Jennifer Weiner judges, and builds cases for both novels. Despite an imbalance in Room's two halves, she grants it the victory; she finds Bad Marie to be a good read, but pervasively flawed by the obviousness of its construction, by the visible hand of its author in its understated prose and in the plot "plagued by improbable coincidences:"
The author of Marie’s all-time favorite book—the one she found in the prison library which, bien sûr, stocks French fiction in translation—is married to her childhood frenemy, a cardboard-thin workaholic named Ellen. That Ellen and Benoit have no reason to share as much as a cup of coffee, let alone a life, is something even Marie is forced to acknowledge. Wealthy movie stars, flush with cash and with spare bedrooms at the ready, appear at the precise moment the plot requires them.

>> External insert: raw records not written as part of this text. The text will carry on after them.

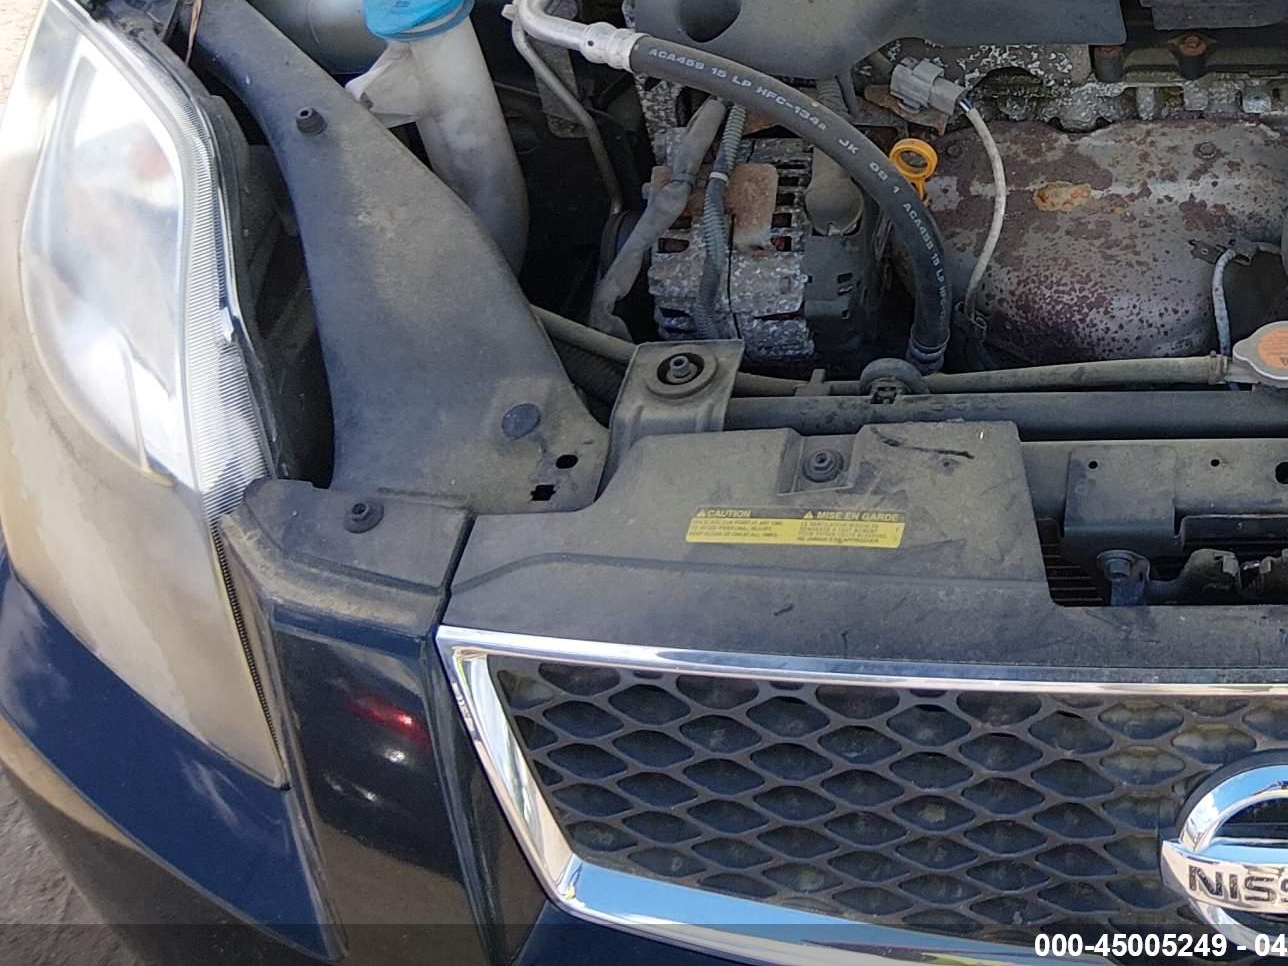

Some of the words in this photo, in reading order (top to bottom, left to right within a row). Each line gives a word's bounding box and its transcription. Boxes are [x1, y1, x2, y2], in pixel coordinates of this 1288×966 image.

[732, 76, 752, 87] LP
[838, 138, 859, 154] JK
[706, 509, 752, 518] CAUTION
[817, 511, 843, 520] MISE
[845, 512, 859, 520] EN
[861, 513, 899, 522] GARDE

I read Bad Marie last December and loved it, but I noticed the same things Weiner notices here. The book favors atmosphere, internal and external, over all else, and regularly gets a good mood going at the expense of real credibility. The trade-off feels . . . recognized, though, maybe even intentional, and it makes for a fun, fast story about what happens when we get what we want so regularly that we no longer know what we want, or how to handle it. I, like Weiner, raced through the end to find the conclusion.